Prompt |
What is needed is a verbatim copy of the data, minus the pictures.

##### Records shown

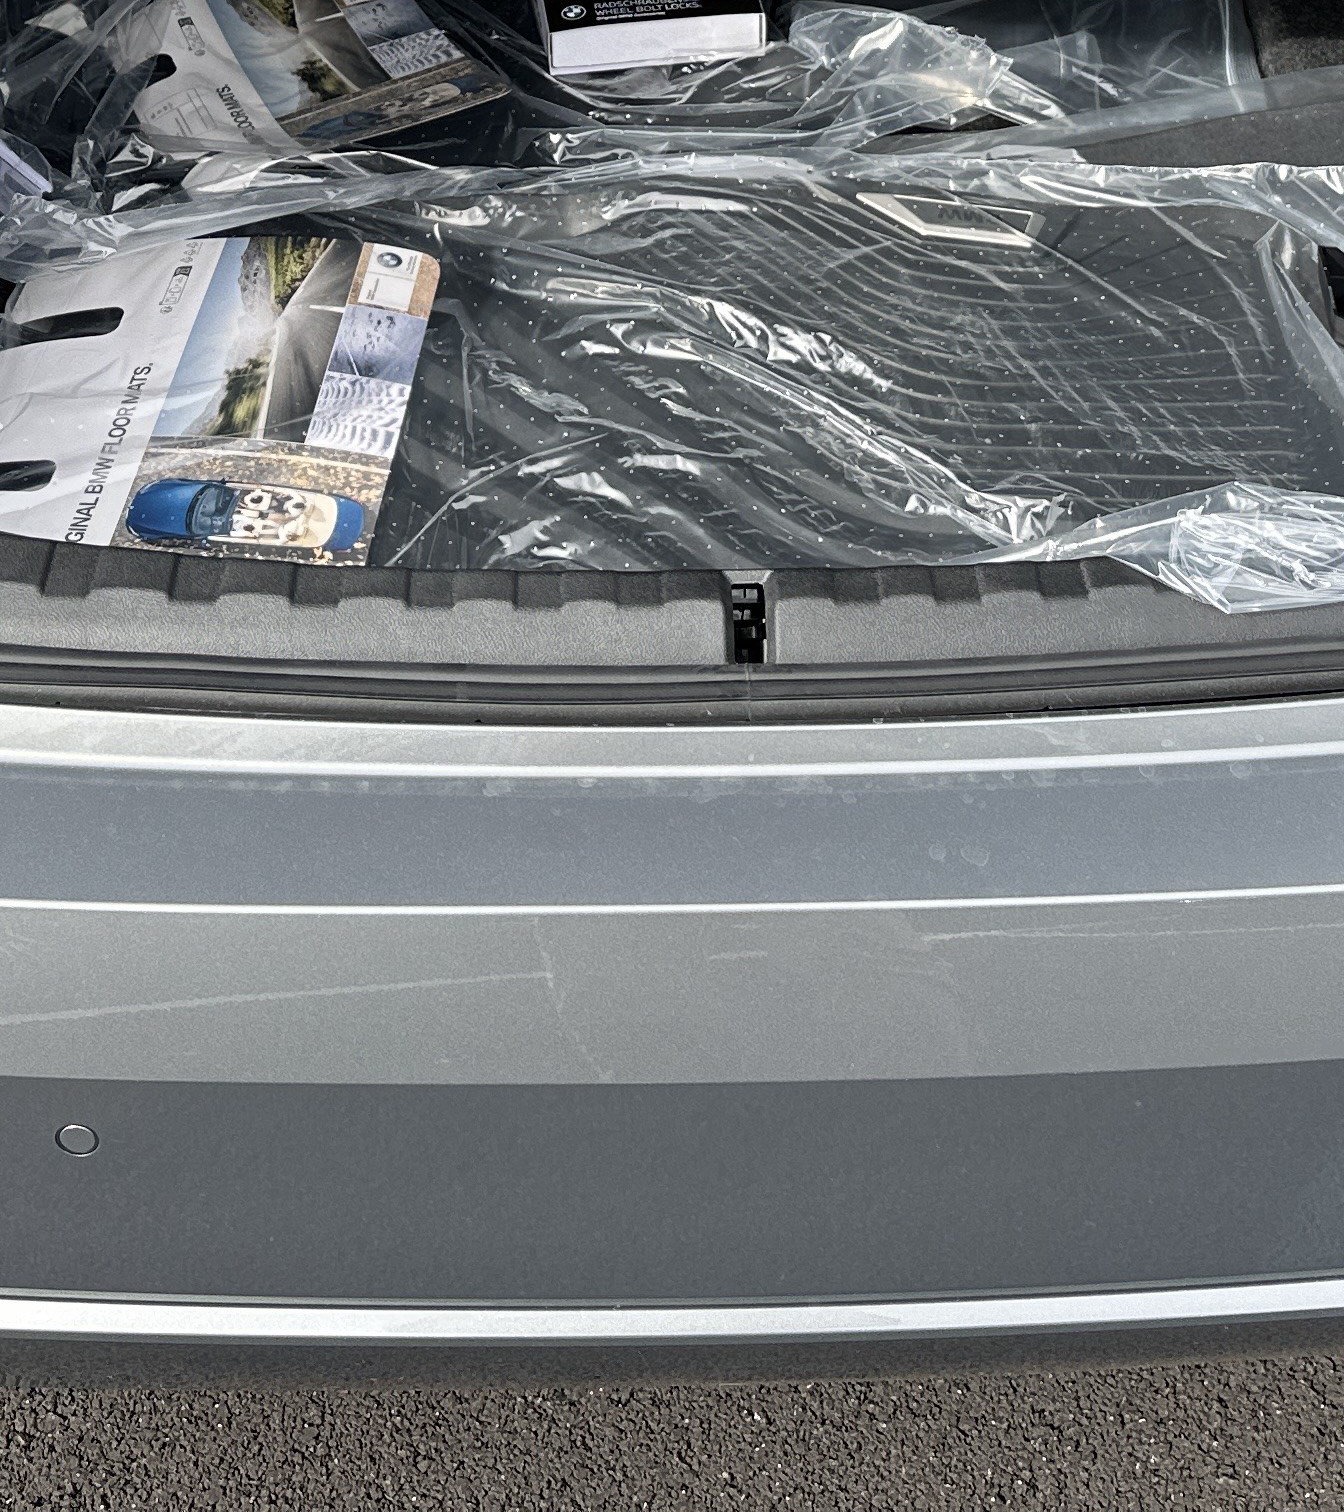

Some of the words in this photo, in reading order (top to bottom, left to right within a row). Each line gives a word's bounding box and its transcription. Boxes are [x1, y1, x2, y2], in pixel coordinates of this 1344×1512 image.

[594, 6, 634, 16] WHEEL
[636, 4, 662, 14] BOLT
[84, 456, 115, 495] BMW
[100, 405, 136, 455] FLOOR
[120, 362, 154, 405] MATS.
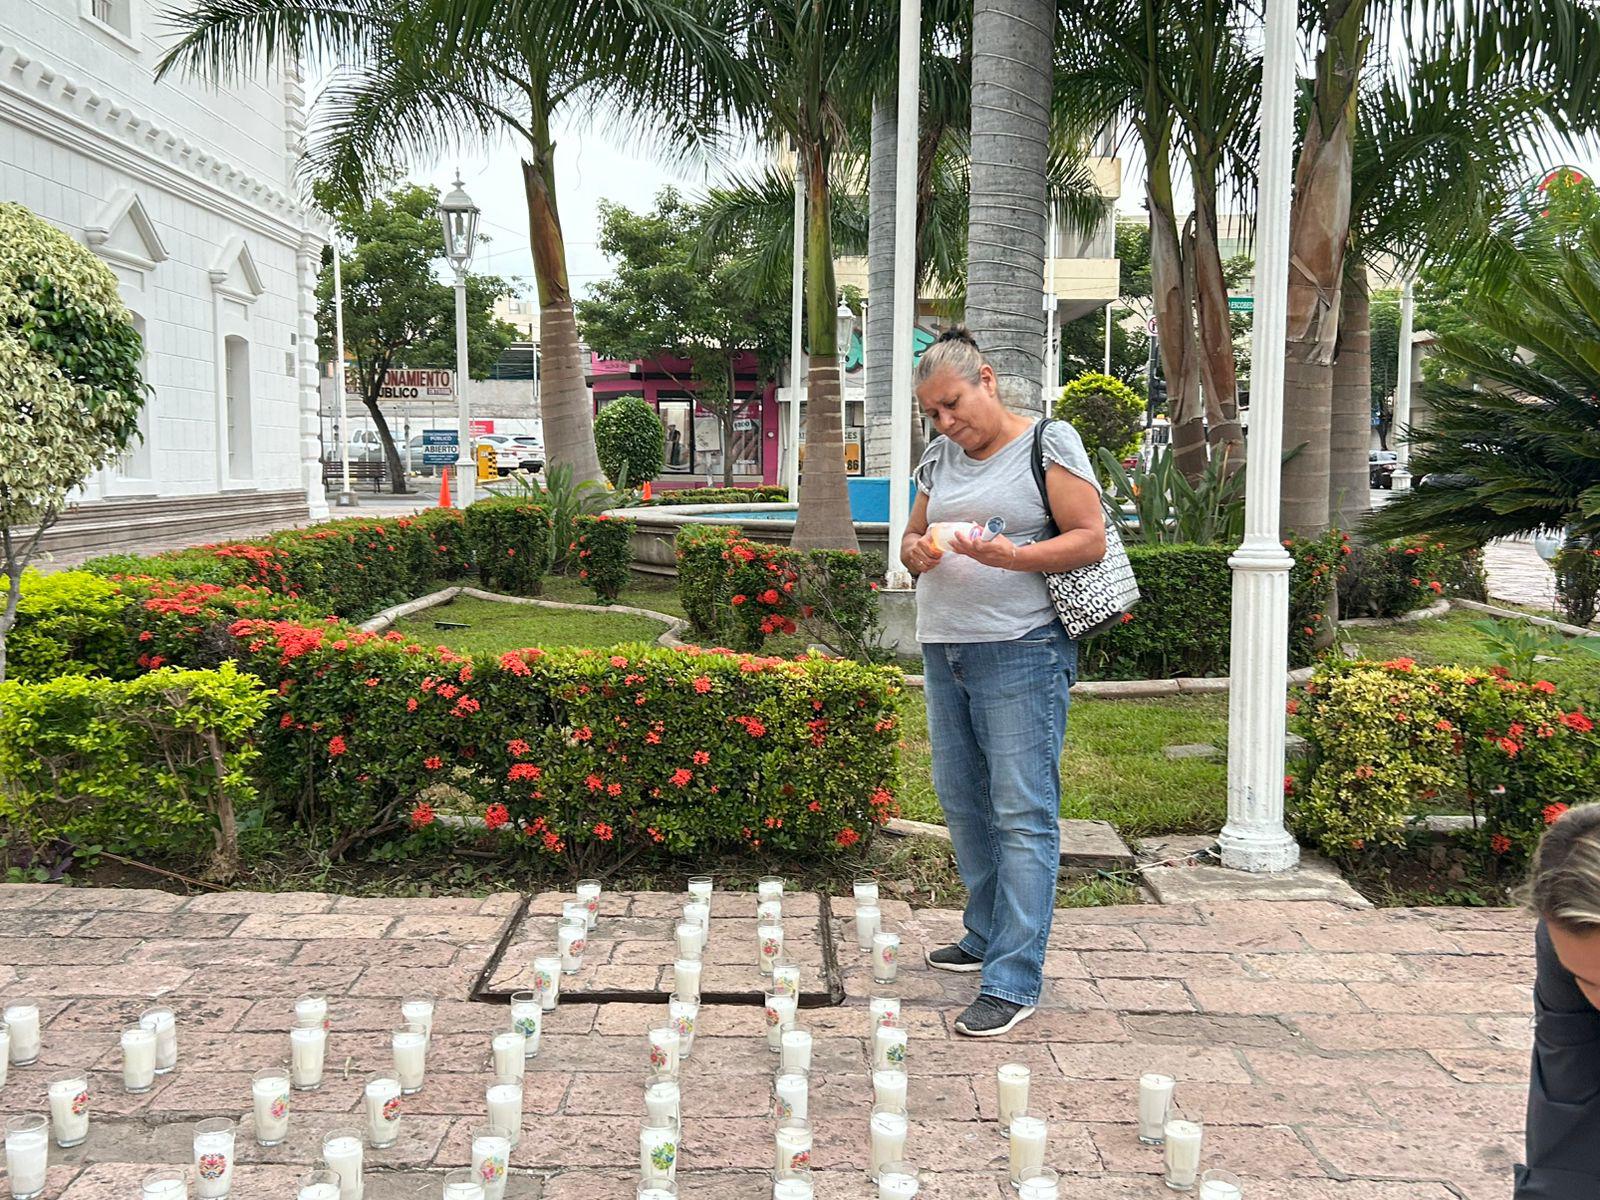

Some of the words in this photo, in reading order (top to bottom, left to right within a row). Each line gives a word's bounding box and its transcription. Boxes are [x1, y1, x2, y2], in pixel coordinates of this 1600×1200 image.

[345, 370, 450, 387] EONAMIENTO
[377, 387, 419, 398] UBLICO
[425, 445, 457, 453] ABIERTO
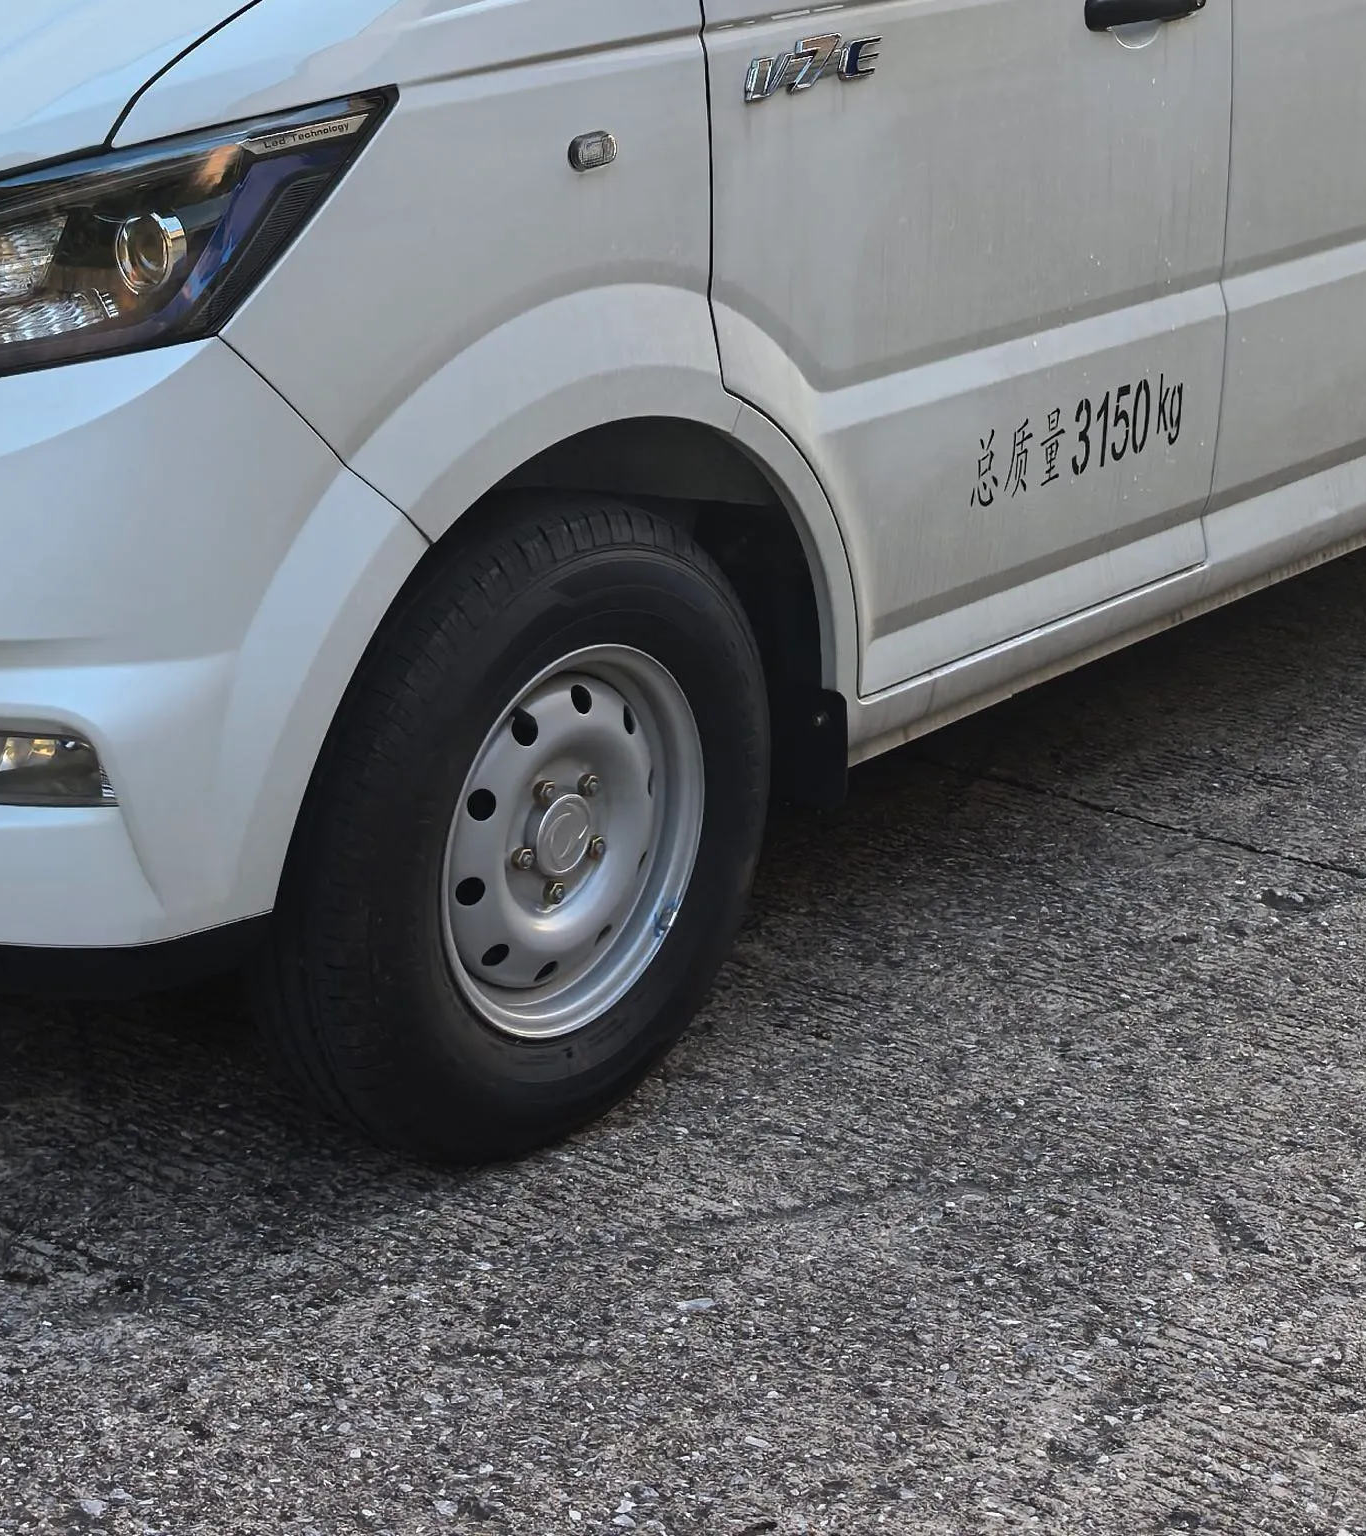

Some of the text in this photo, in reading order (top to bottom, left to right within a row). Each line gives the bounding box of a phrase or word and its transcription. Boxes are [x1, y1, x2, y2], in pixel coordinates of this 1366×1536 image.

[291, 123, 349, 142] Technology
[970, 373, 1184, 507] 总质量 3150 kg
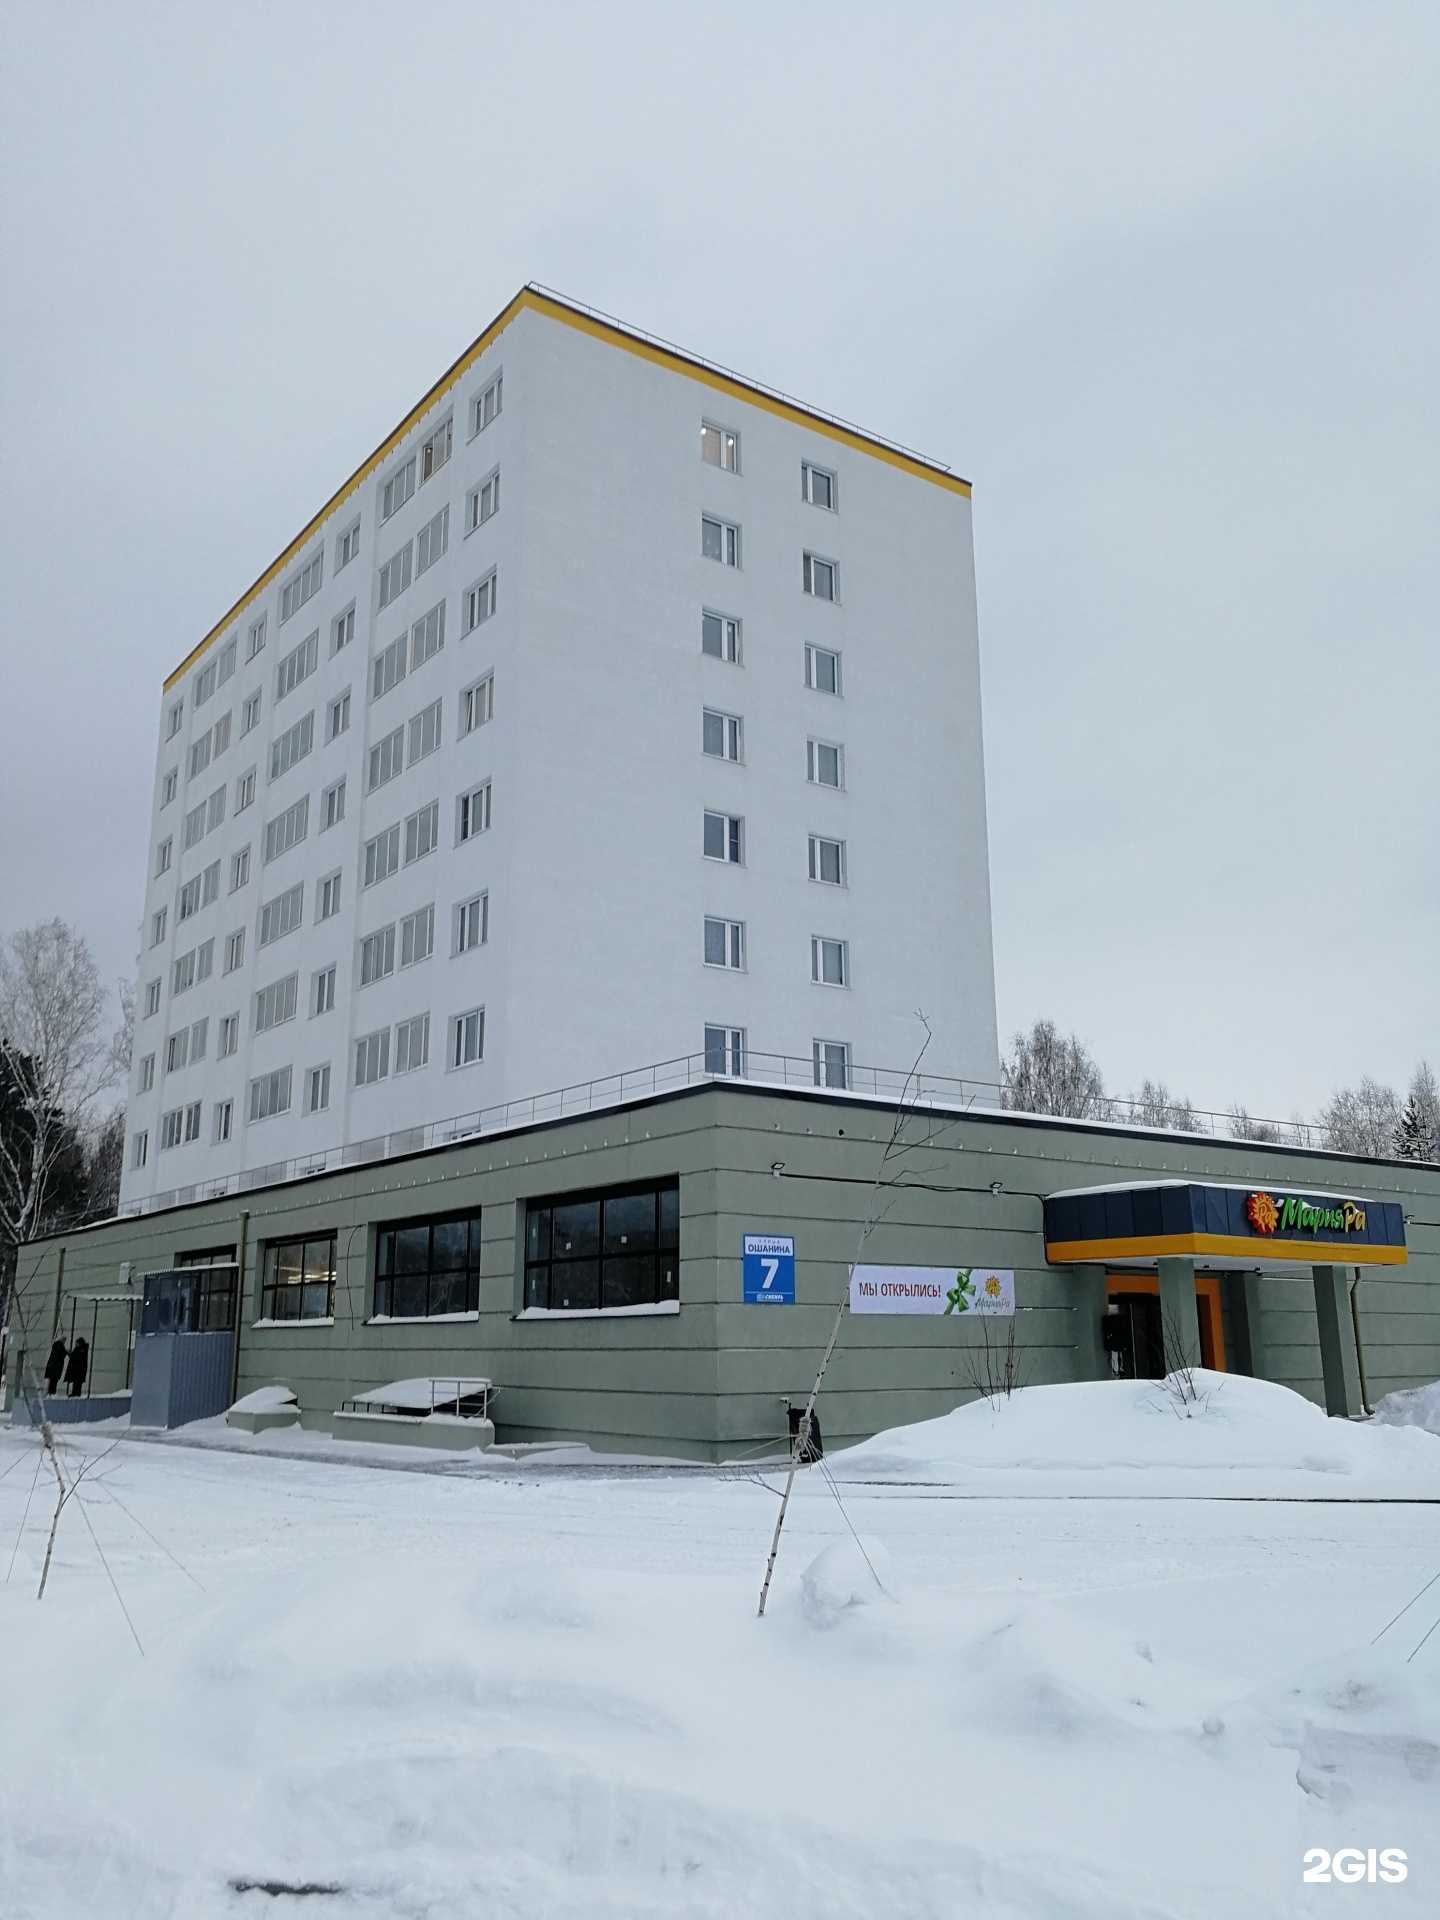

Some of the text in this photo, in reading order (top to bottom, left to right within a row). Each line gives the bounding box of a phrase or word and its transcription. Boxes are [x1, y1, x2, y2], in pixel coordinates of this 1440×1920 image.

##########

Task output |
Some of the words in this photo, in reading order (top to bottom, left to right within a row). Each line gives a word's bounding box and its transcription. Boxes are [x1, y1, x2, y2], in pixel coordinates of this 1344×1512 image.

[594, 6, 634, 16] WHEEL
[636, 4, 662, 14] BOLT
[84, 456, 115, 495] BMW
[100, 405, 136, 455] FLOOR
[120, 362, 154, 405] MATS.

Some of the words in this photo, in reading order (top to bottom, left to right within a row). Each line gives a word's bounding box and its transcription. Boxes are [x1, y1, x2, y2], in pixel coordinates of this 1600×1200 image.

[345, 370, 450, 387] EONAMIENTO
[377, 387, 419, 398] UBLICO
[425, 445, 457, 453] ABIERTO

Some of the text in this photo, in reading order (top to bottom, left to right within a row). Each line gives the bounding box of a phrase or word and its transcription. Boxes are [x1, y1, x2, y2], in pixel coordinates of this 1366×1536 image.

[291, 123, 349, 142] Technology
[970, 373, 1184, 507] 总质量 3150 kg

Some of the text in this photo, in reading order (top to bottom, left to right within a row). Each line gives the bounding box of a phrase or word and its transcription. Boxes are [x1, y1, x2, y2], in pixel coordinates of this 1440×1920 image.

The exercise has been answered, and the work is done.